Havuz medyasına göre tutuklanan gazeteciler ‘ülkede savaş var’ deyip, ‘taraflardan’ söz ediyorlarmış. Bu tarz ‘yalan-yanlış’ haberlerle ‘milli birlik ve beraberliğe’ tehdit oluşturuyorlarmış. Temel argümanları bu. Gazeteciler bunu nasıl yapmış? İktidar medyasının aktardığına göre, en güçlü delil ‘Amed’den savaş uçakları kalktı’ diyerek. İnanılması zor ama uzun uzun anlattıkları hikâye bu.
Pekâlâ, böyle bir gerçeklik var mı, Amed’den savaş uçakları kalkmıyor da, bu gazeteciler gerçek dışı bir iddiada mı bulunmuş? Hiç şüphesiz hayır.

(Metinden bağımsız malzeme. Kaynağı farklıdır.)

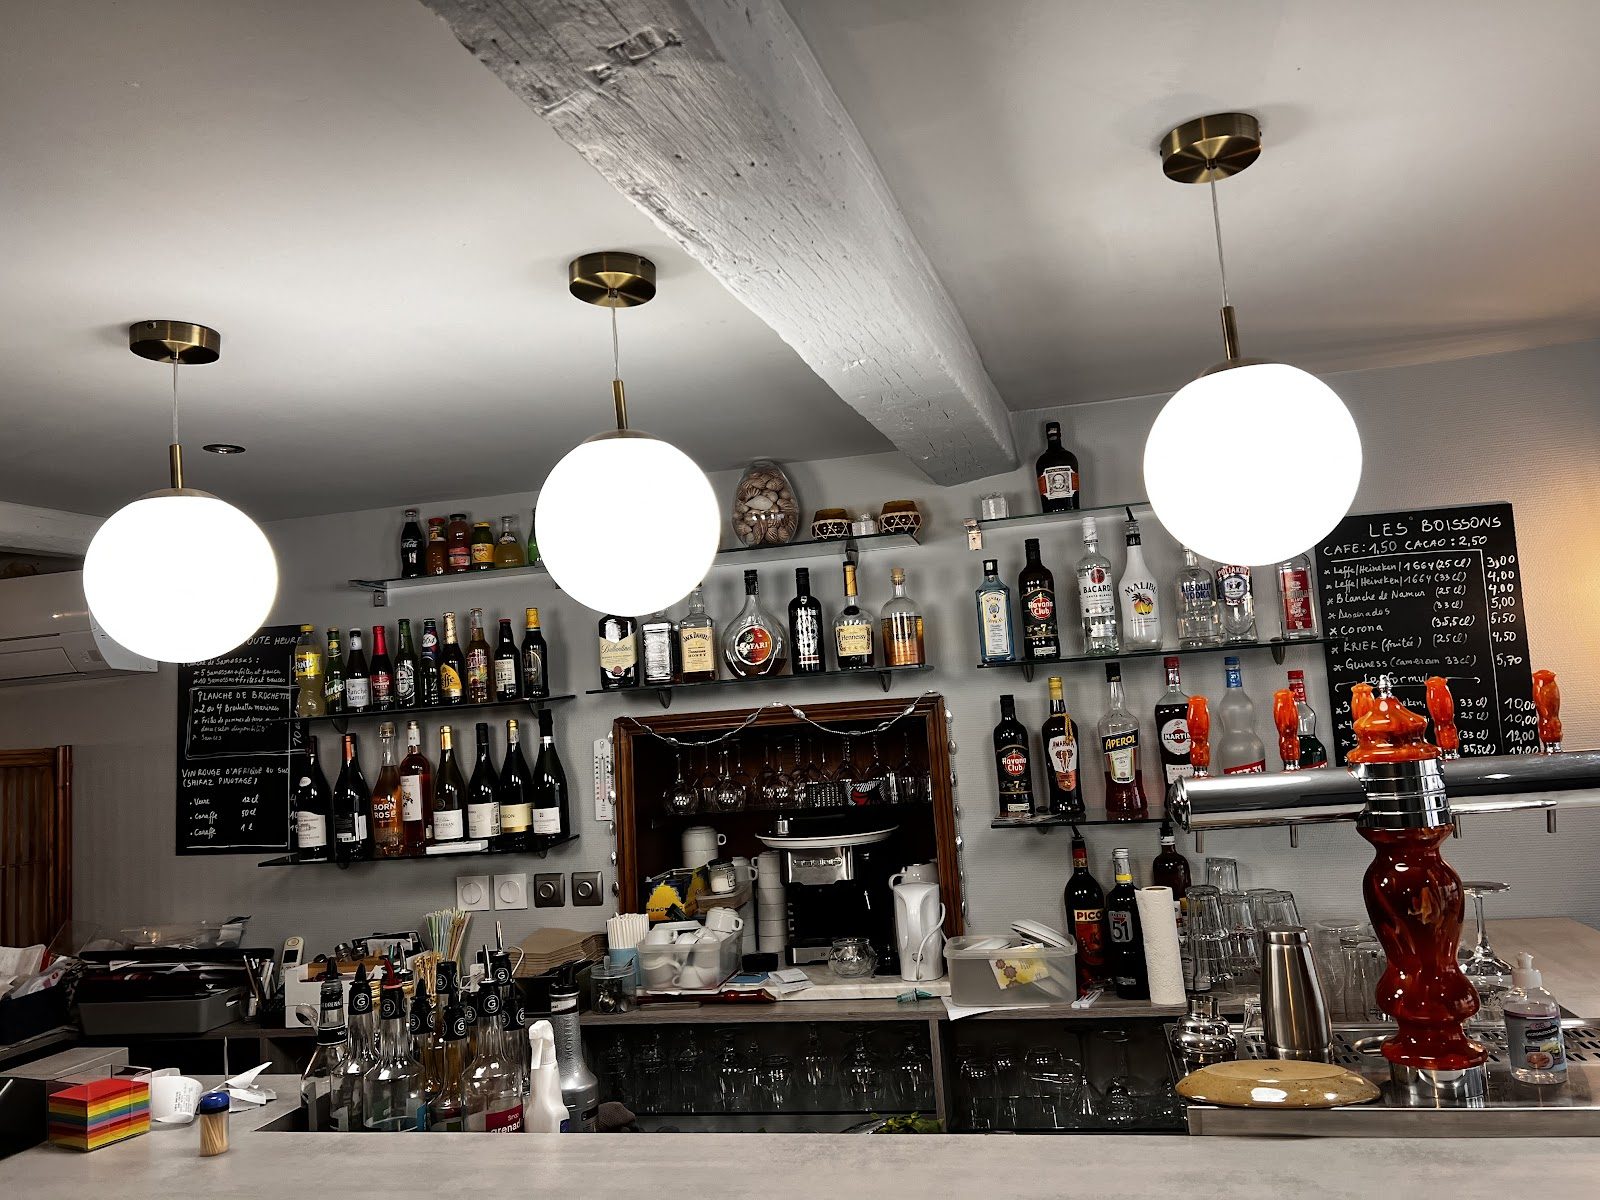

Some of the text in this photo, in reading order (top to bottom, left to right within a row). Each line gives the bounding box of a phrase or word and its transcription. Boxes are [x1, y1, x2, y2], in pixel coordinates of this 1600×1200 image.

Amed’de yaşayanlar, Amed’e kazara da olsa bir defa uğrayanlar için bu haber herhangi bir tartışmaya yer bırakmayacak biçimde, doğru ve gerçek bir haber oluyor. Şehirden kalkan ve inen savaş uçaklarının burada yaşayan bir yurttaşın gündelik yaşamına nasıl etki ettiğini, herhalde en iyi Amedliler anlatabilir. İkna olmayanlar buna da başvurabilir. Diğer tüm hususlar bir yana sadece bu uçakların yarattığı gürültü kirliliği bile tek başına isyan gerekçesi. Şüphesiz, Amed’in tam ortasında böylesi bir askeri havaalanının kurulmuş olması ve hala yerinin değiştirilmiyor oluşunun farklı amaçları var. Bunlar ayrı bir değerlendirme konusu. Fakat herhangi bir Amedli için adeta günlük işkenceye dönüşen bu olayın haberi yapıldı diye ‘gazeteciler suç işledi’ demek bile yalnız başına devletin Kürt politikasını özetler nitelikte.

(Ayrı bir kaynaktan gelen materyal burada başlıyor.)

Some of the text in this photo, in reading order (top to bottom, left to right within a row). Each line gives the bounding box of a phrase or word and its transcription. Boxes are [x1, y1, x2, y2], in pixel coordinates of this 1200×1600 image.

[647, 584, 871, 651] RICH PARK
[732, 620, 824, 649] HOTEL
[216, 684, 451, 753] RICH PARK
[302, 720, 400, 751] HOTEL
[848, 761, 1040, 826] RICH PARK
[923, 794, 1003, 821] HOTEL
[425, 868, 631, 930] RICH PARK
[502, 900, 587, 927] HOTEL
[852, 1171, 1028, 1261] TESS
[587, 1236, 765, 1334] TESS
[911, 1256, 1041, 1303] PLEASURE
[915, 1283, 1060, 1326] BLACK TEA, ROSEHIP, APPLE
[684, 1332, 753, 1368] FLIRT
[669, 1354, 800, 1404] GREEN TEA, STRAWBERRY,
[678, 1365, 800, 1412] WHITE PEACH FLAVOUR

Yani Kürdün dağını, taşını gece gündüz bombalayacaksın, herhangi bir canlı ayrımı yapmadan tam bir doğa kırımı, kültür kırımına yöneleceksin, Kürde her düzeyde savaş açacaksın fakat bunu dile getirene de sen suç işledin diyeceksin. Hem de öyle farklı bir gerekçe falan da bulmaya çalışmadan. Neden savaştan söz ettin diyerek! Açık ki, bu kadar da pişkinlik bu iktidar için dahi fazla.

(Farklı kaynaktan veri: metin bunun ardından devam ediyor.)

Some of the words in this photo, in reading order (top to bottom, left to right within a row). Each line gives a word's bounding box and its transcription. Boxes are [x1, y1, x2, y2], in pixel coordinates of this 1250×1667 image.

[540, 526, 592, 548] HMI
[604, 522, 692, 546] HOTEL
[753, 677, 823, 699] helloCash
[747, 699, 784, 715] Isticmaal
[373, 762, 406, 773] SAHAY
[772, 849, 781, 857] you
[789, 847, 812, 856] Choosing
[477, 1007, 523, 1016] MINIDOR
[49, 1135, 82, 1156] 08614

Elbette, bu ülkede savaş var. Hem de çok ağır bir savaş var. Bu savaşın da diğer savaşlarda olduğu gibi tarafları var. Bunun gizlisi saklısı yok. Bu nedenle, Amed’de oturan bir gazeteciye neden savaştan söz ettin denilemez. Bunu demek abesle iştigal. Hiç kuşku yok ki, savaş var ve gazetecinin de görevi bu savaşı duyurmak, yansıtmak.
Ha! Savaş yok diyorsanız, o halde Amed’den neden sabah akşam bu uçakların inip kalktığına bir cevap vermeniz gerekmez mi? Ülkenin cumhurbaşkanı değil miydi bir merminin fiyatı üzerinden halka ayar vermeye kalkışan? Bu kadar ‘israf’ fazla değil mi?
Hiç kuşku yok ki, sadece bu örnek bile AKP-MHP yönetiminin tam bir yalan iktidarı kurmak istediğini gösteriyor. Niyet budur. Amaç gazeteciler şahsında tüm topluma okkalı bir gözdağı vermektir. Fakat yeterince bilinmeyen, bilinse dahi tekrar hatırlatılması gereken bir gerçek var.
Tutuklanan her bir gazetecinin de ifade ettiği üzere, bu gelenek Mazlum Doğan’dan, Apê Musa’dan, Gurbetelli Ersöz’den feyz alan ve gitgide büyüyerek bugünlere gelen hakikat savaşçılarının geleneği. Bu gelenek dün baş eğmedi, bugün de baş eğmez.